Tidbits. Last issue we wrote about singer Jeannine Otis, who is related to the jazz Joneses from Pontiac. She is the cousin of Thad Jones. Bruce Jones is Thad’s first-born son. Elaine is his mother.

Pianist Craig Taborn, University of Michigan alumnus, just produced an ambitious project 60 X Sixty as a live stream. It’s sixty pieces of his music in 60 minutes — sixty seconds or so for each composition in random order, shuffled continually without titles. Tracks can be added or removed at any time. It is uniquely living and breathing. Residing in Brooklyn, the award-winning improviser is doing this with support from Pyroclastic Records. Meanwhile his new ECM CD Shadow Plays is his latest for the label with a ten year break as he is doing many other projects.

Taborn’s longtime running mate drummer Gerald Cleaver has moved to San Francisco to join their always expansive creative music scene.

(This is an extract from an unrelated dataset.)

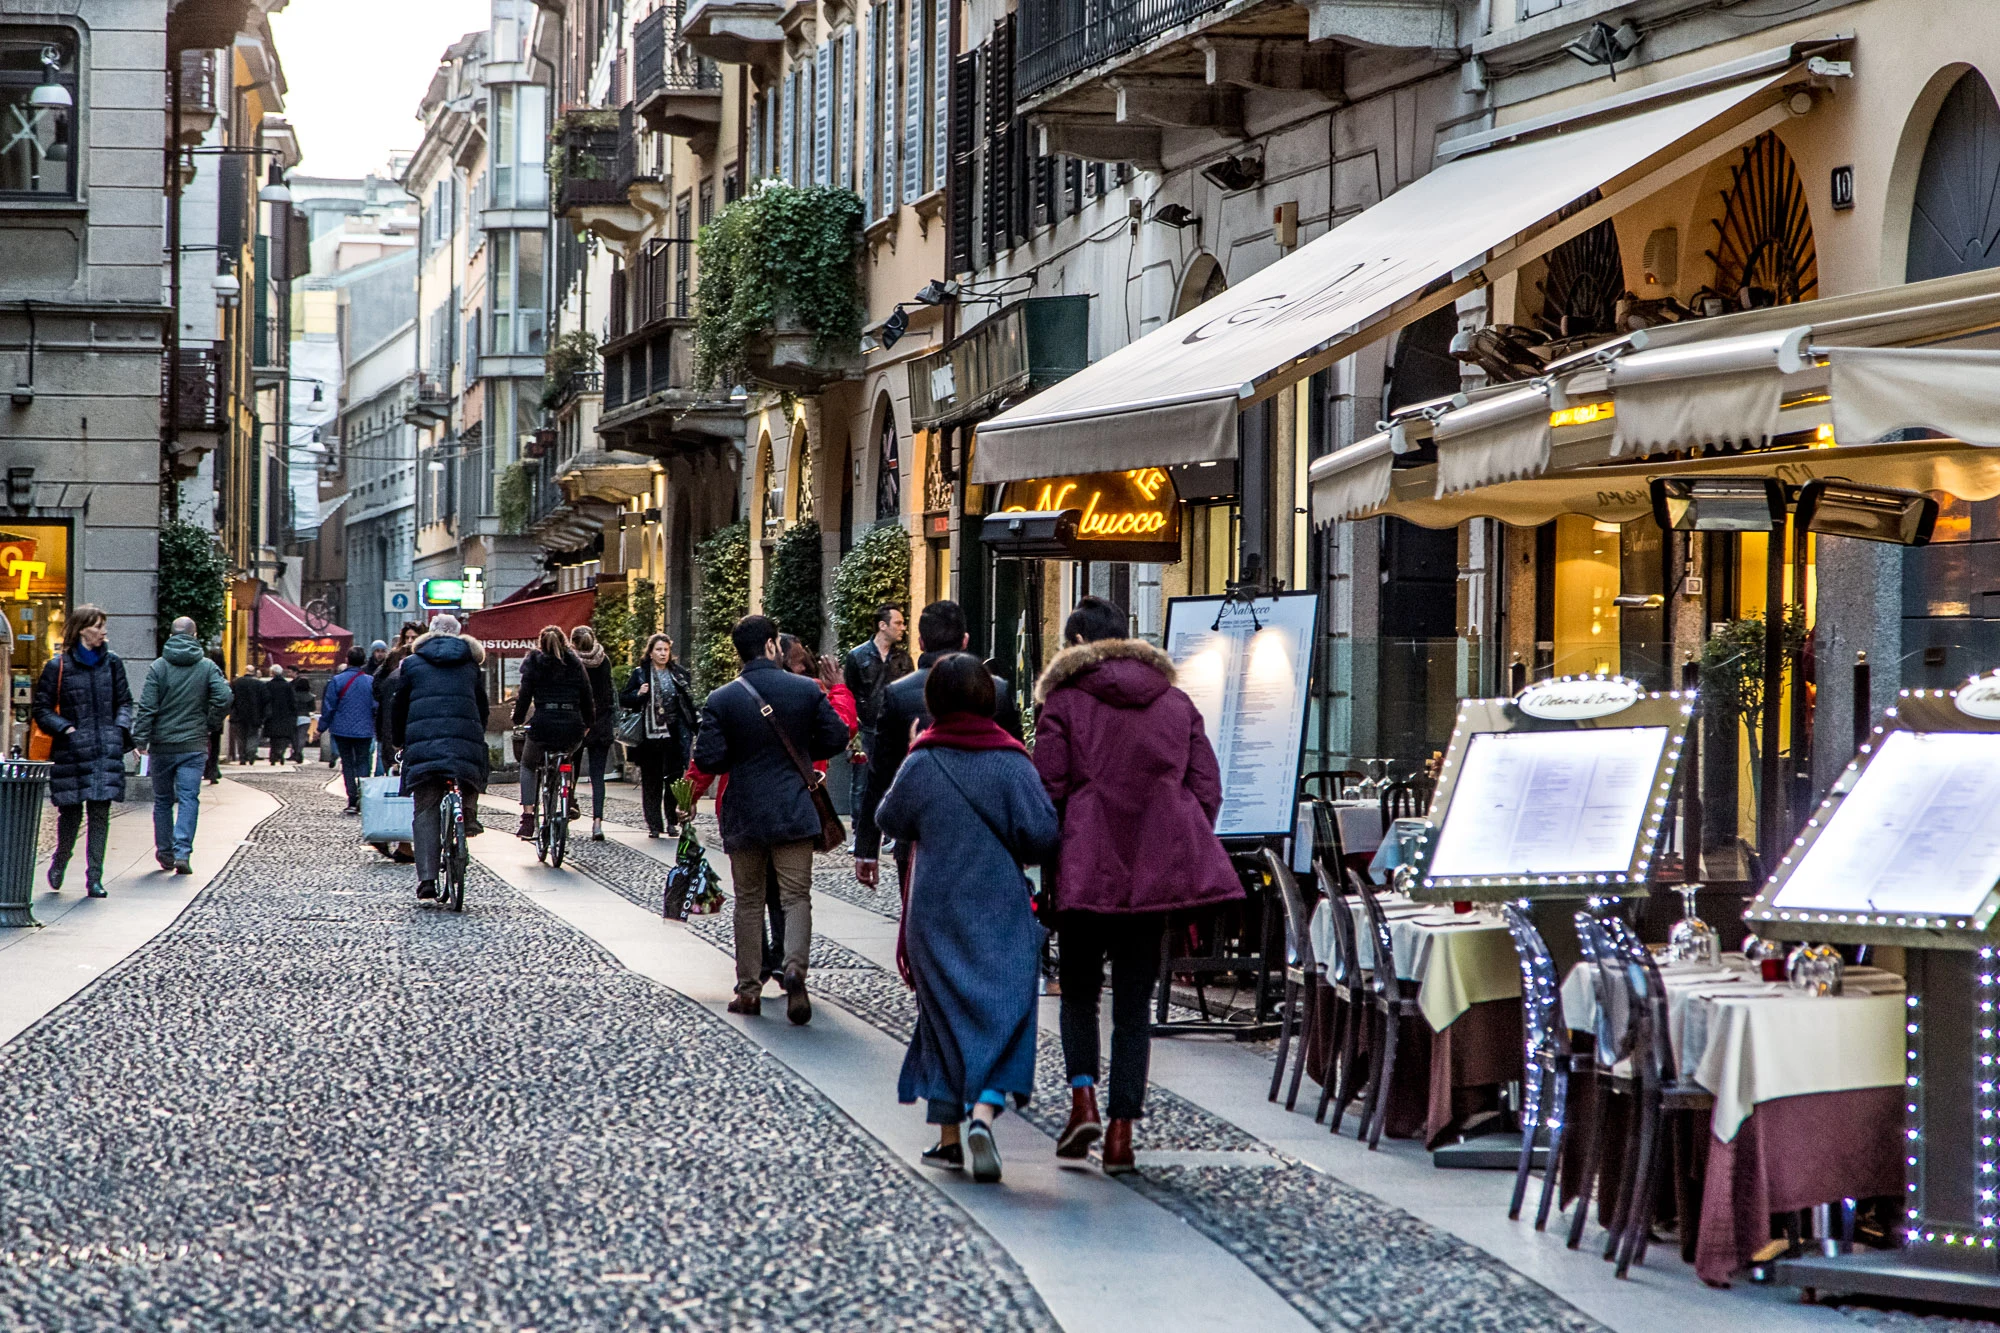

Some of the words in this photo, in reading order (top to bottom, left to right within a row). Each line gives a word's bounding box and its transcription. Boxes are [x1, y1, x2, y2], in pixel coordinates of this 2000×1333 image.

[1836, 171, 1851, 202] 10
[1005, 483, 1167, 535] Nbucco
[681, 878, 699, 918] ROSES

Finally, congratulations to John Churchville, the drummer and tabla player, who debuted his new band with electric bassist/guitarist Dan Ripke and violinist/vocalist Collin Murphy in September at Silvio’s in Canton. Churchville has taken a position in the Ann Arbor Public Schools as an instructor at Paddack Elementary School. He is also due in collaboration with Grammy award winner Gregg Brown, who plays guitar, percussion and the Buchla CM100 Synthesizer. Brown’s 2010 CD Intergalactic Spiral (Big O Records) features notables like saxophonist/flutist Mark Kieme, bassist Chuck Bartels, guitarists Robert Tye and Joe Gloss, drummers David Taylor, and Randy Marsh, bassist James Simonson, and organist Jim Alfredson from Organissimo, in a wildly original Indo-fusion display, highly recommended.